We estimated D90 and D95 from two different earthquake catalogs. First, we used the 3D earthquake catalog including events location determined based on the 3D velocity structure (Matsubara and Obara, 2011). This 3D catalog was used particularly for getting the D90 value around the costal region. Second, we used the 3D catalog including 12 years between 2001 and 2012 from the NIED Hi net catalog (JUICE catalog, Yano et al. 2017) for high resolution hypocenter locations (Depth <40 km, M>0.0). This catalog was used to get D95 values. In order to satisfy Gutenberg-Richter magnitude-frequency relation, we chose events M>=1.5. We then calculated the D90 and D95 using the same method as Matsubara and Sato (2015) except D95 is calculated at smaller grid points than D90 to fit the resolution of its catalog. For isotherm, where the temperatures are 250, 300, and 450 degrees, were estimated from heat flux measured at Hi-net boreholes (Matsumoto, 2007) and other additional data Sakagawa et al. (2005). Depths were calculated using the steady-state, one-dimensional, heat conduction equation with an exponential decrease in the radioactivity heat generation introduced in Tanaka (2004).

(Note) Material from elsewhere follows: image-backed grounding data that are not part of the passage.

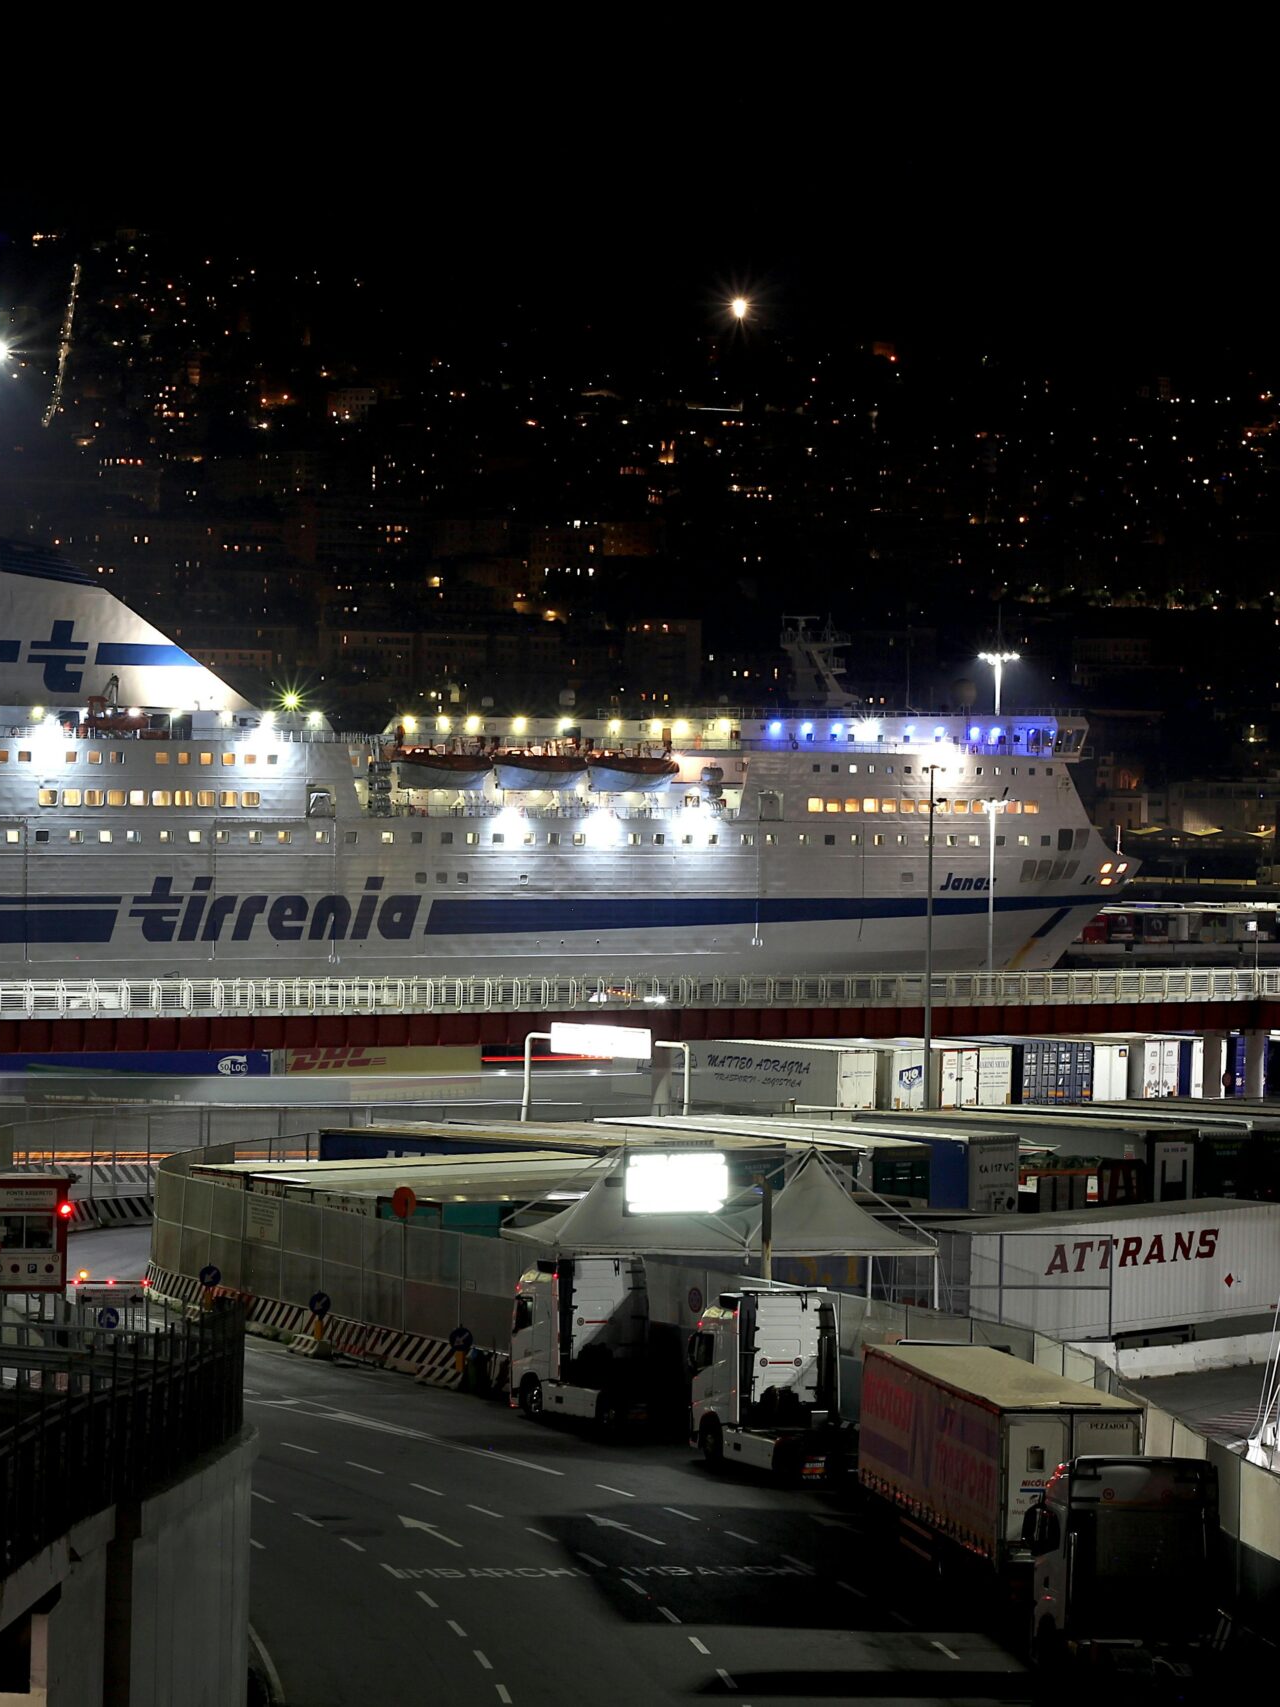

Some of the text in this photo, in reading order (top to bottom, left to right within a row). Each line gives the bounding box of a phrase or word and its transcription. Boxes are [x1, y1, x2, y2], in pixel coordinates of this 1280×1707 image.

[128, 876, 422, 943] tirrenia
[290, 1048, 372, 1072] DHL
[707, 1054, 811, 1075] MATTEO ADRAGNA
[1044, 1228, 1220, 1276] ATTRANS
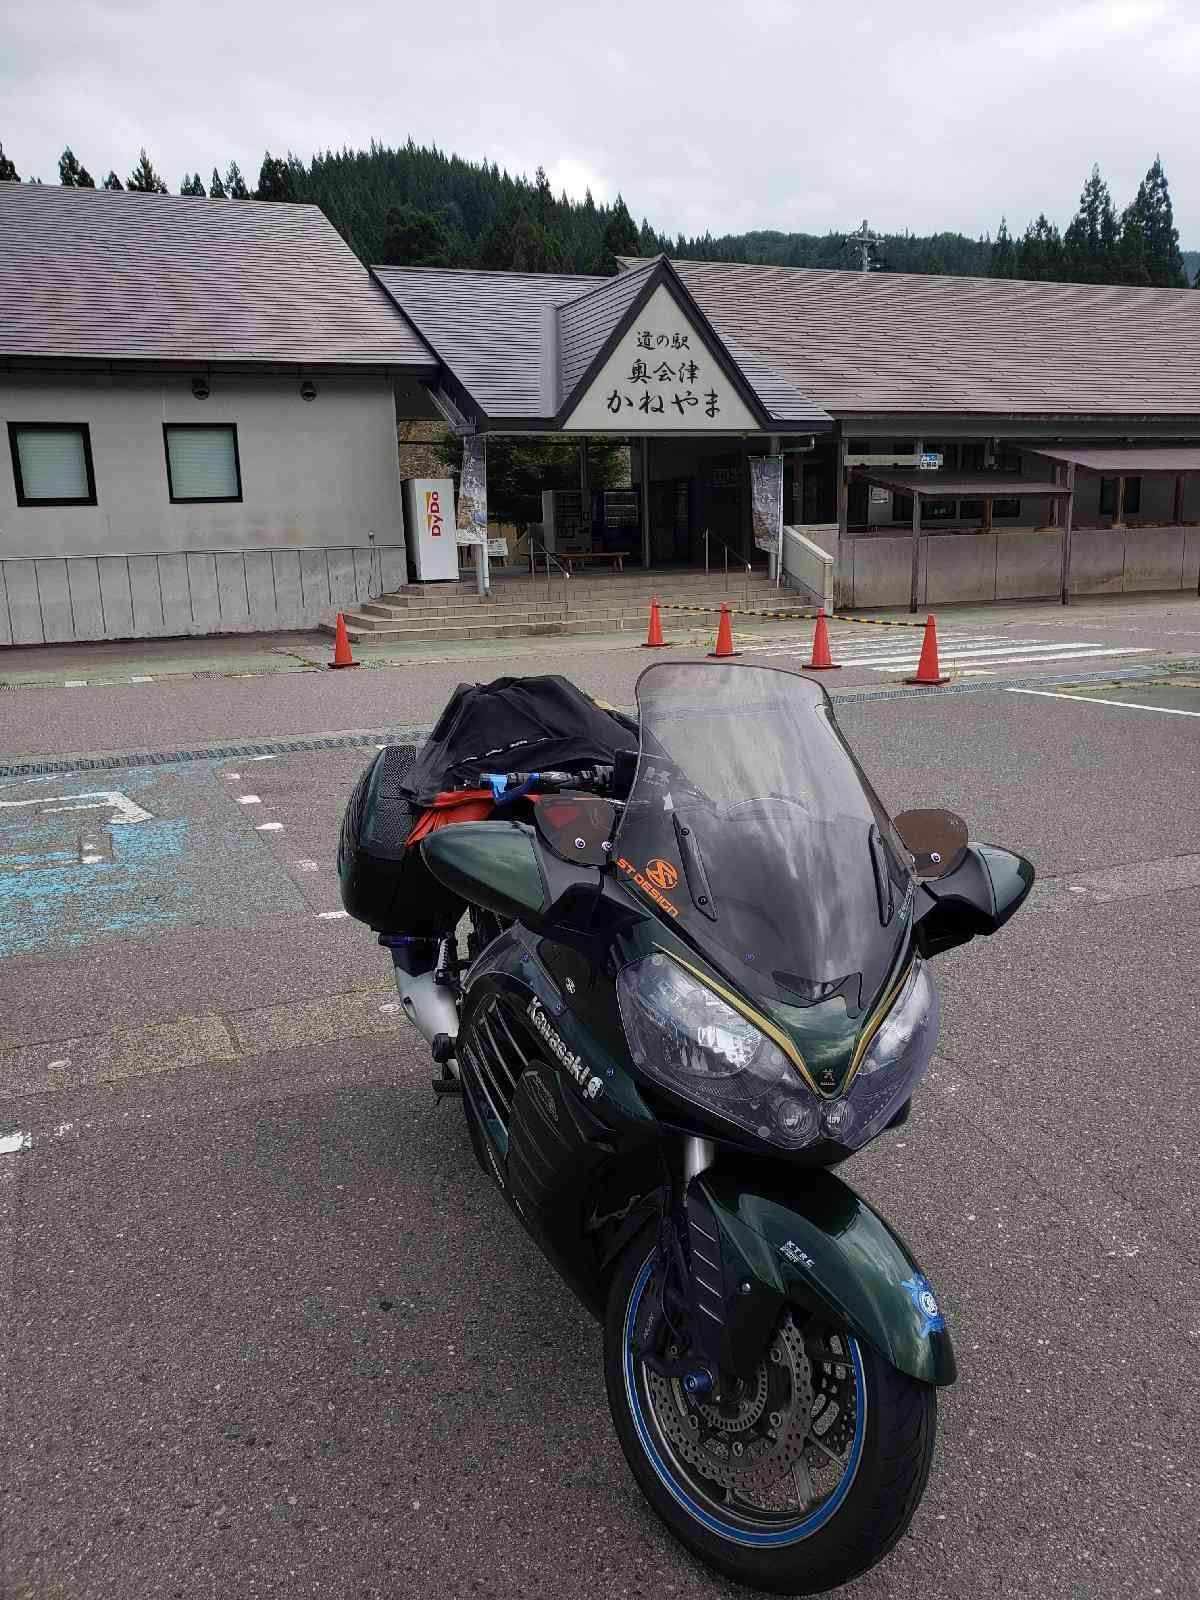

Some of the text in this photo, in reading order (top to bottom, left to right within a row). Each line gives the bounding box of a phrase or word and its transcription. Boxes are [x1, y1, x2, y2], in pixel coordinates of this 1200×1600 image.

[636, 331, 691, 351] 道の駅
[626, 359, 700, 385] 奥会津
[606, 389, 721, 418] かねやま
[430, 491, 444, 537] DyDo
[526, 995, 591, 1086] Kawasaki
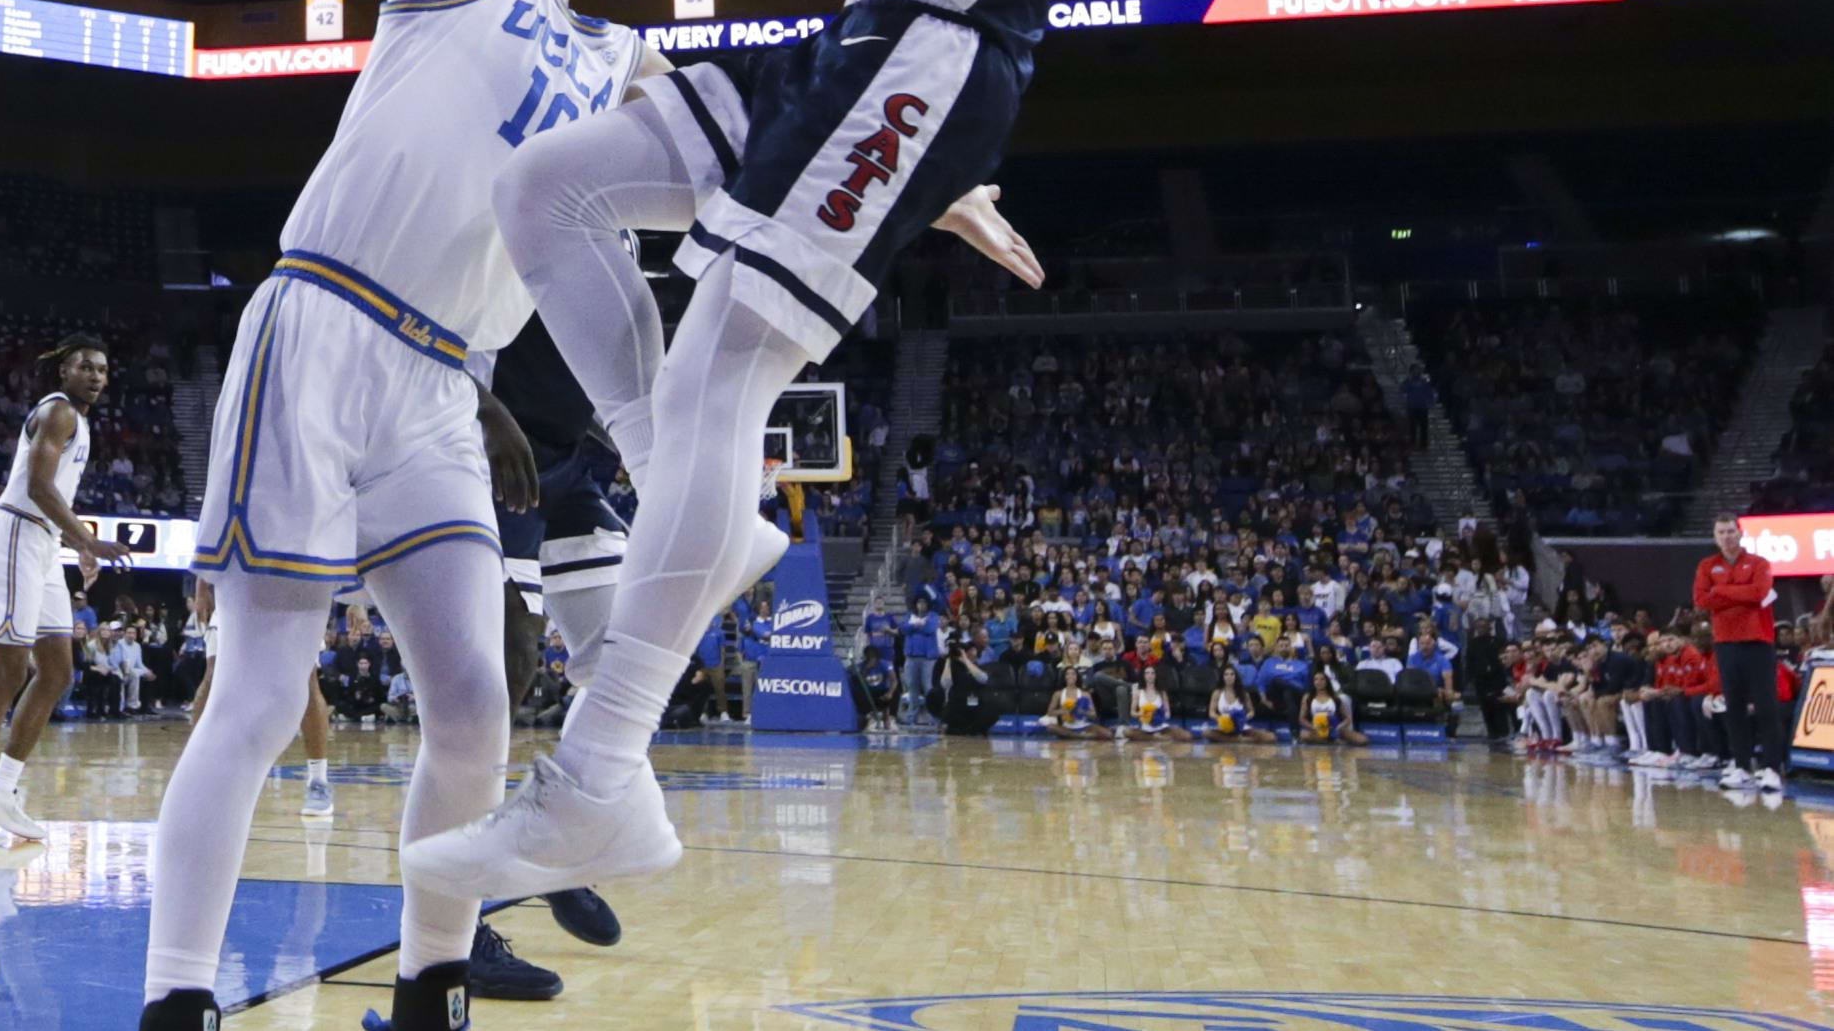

The general pattern of our results is consistent with previous studies of D90 as very deep D95 beneath the northern Hokkaido and northern Honshu and very shallow D95 along the volcanic front. After looking at the regional pattern of seismogenic depth, we found that our D90 and D95 showed the deepest boundary of hypocenter of mainshock, majority of aftershocks, main co-seismic slip regions for many large events except the aftershocks of the 2016 Kumamoto Earthquake. We concluded that the deep aftershocks of the Kumamoto event occurred within the brittle-ductile transition zoon from our limited evidences, such as the aftershocks region has too high P-wave velocity as 7.4 km/s for crustal brittle layer and the temperature is higher than 300 degrees.